For teachers: The phrase You had no idea is particularly powerful for educators. It validates unconscious influence and removes pressure to perform or to always know the impact they're having. Good teaching doesn't require grand gestures or awareness of outcomes.
For students: The description of her Year 8 self as a moody girl makes Garner relatable to adolescent readers. The clear vocation arc from confused teenager to accomplished author provides inspiration without feeling preachy or unrealistic.
Purpose compared to other personal journey texts
Understanding how Garner's purpose differs from other writers helps clarify what makes this essay distinctive:
- Garner's purpose: Ethical gratitude expressed through mentor dialogue using epistolary intimacy
- Duong's purpose: Cultural artefact validation communicated through cultural witness perspective using sensory detachment
- Adichie's purpose: Narrative sovereignty established through co-learner relationship using analytical warmth
Garner's pure relational thanksgiving achieves universal resonance precisely because it remains grounded in personal connection rather than attempting broader cultural arguments or theoretical frameworks.
Reception and impact
The essay was warmly received by Sydney Morning Herald readers, particularly in contrast to the controversy surrounding some of Garner's earlier work. Its sincerity resonated with audiences tired of irony and cynicism. The essay was later anthologised in Now I Can See the Moon and has become a VCE staple for studying epistolary craft and personal reflection.
Garner's purpose was largely achieved: if Mrs Dunkley was still alive when the essay was published, she received significant cultural affirmation for her work as a teacher. More broadly, countless readers were prompted to reflect on their own mentors and formative educational experiences.
Exam tips
Key Strategies for Analysing Purpose and Audience in Dear Mrs Dunkley:
- Identify the dual purpose: Always distinguish between the primary purpose (personal gratitude) and secondary purpose (cultural contribution)
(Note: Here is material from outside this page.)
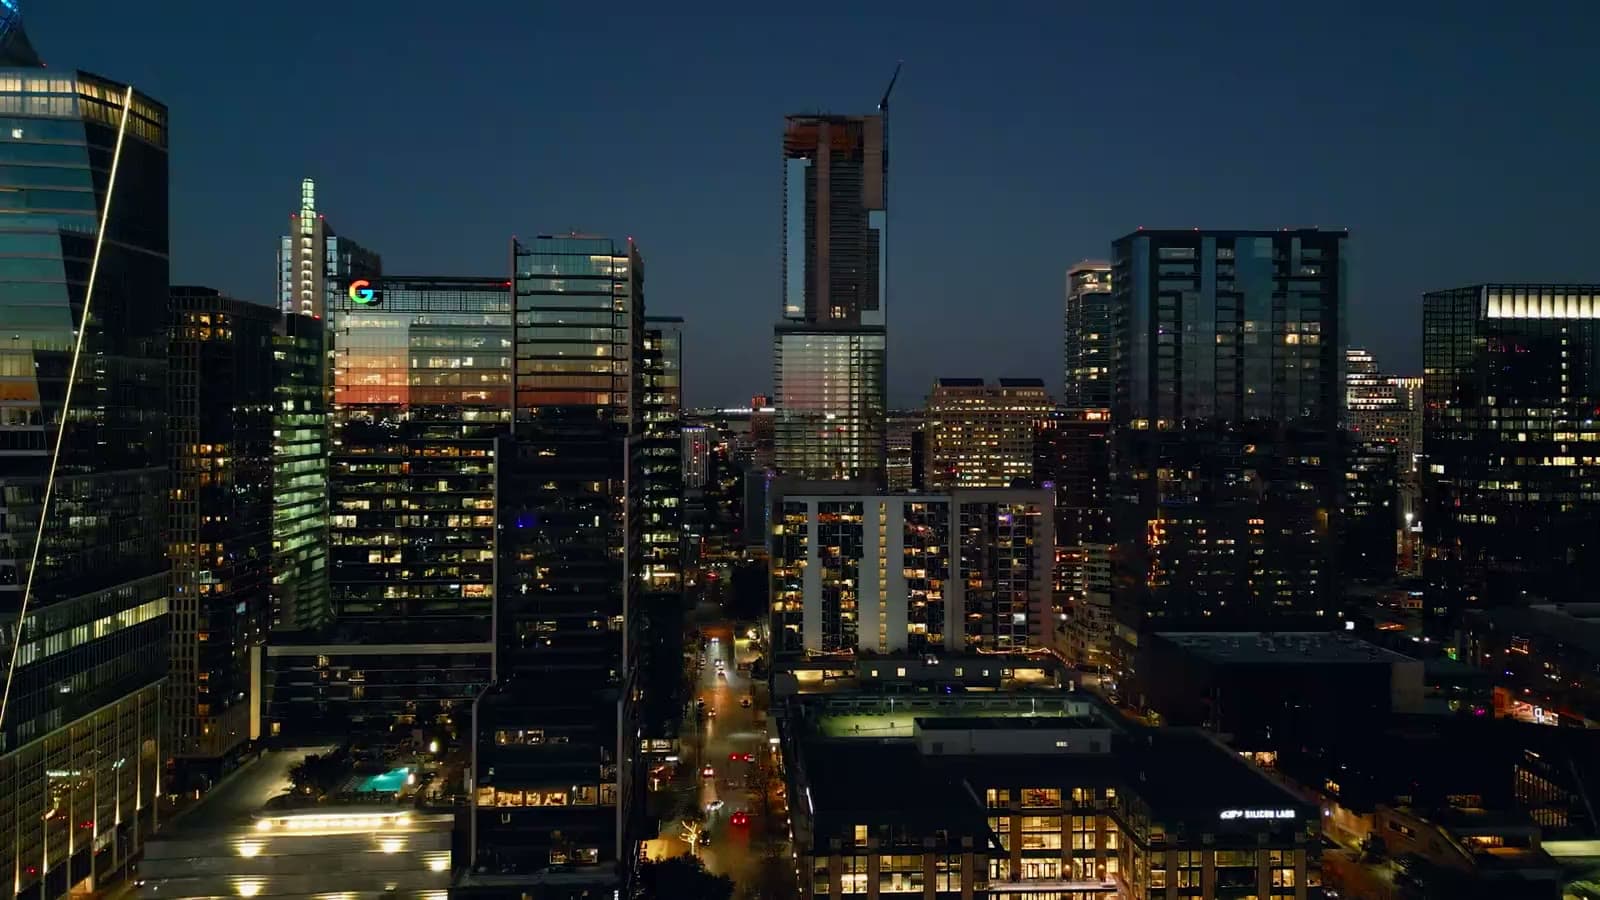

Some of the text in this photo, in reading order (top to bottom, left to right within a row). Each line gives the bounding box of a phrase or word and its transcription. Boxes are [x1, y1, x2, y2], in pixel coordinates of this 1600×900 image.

[349, 280, 373, 304] G
[1245, 809, 1295, 819] SILICON LABS
- Consider multiple audience layers: Don't just say "the audience is SMH readers"—specify the different segments (teachers, students, literary readers) and how Garner addresses each
- Connect purpose to form: Explain how the epistolary structure serves Garner's purpose of intimate gratitude made public
- Use precise metalanguage: Terms like "ethical maturity," "epistolary intimacy," "audience calibration" demonstrate sophisticated understanding
- Compare purposes across texts: In essay responses, contrast Garner's gratitude-focused purpose with other texts on the course to show depth of understanding
When creating your own writing inspired by this text:
- Follow Garner's structural progression: greeting → vulnerability → epiphany → impact → thanksgiving
- Balance sensory memory (about 60%) with reflective gratitude (about 40%)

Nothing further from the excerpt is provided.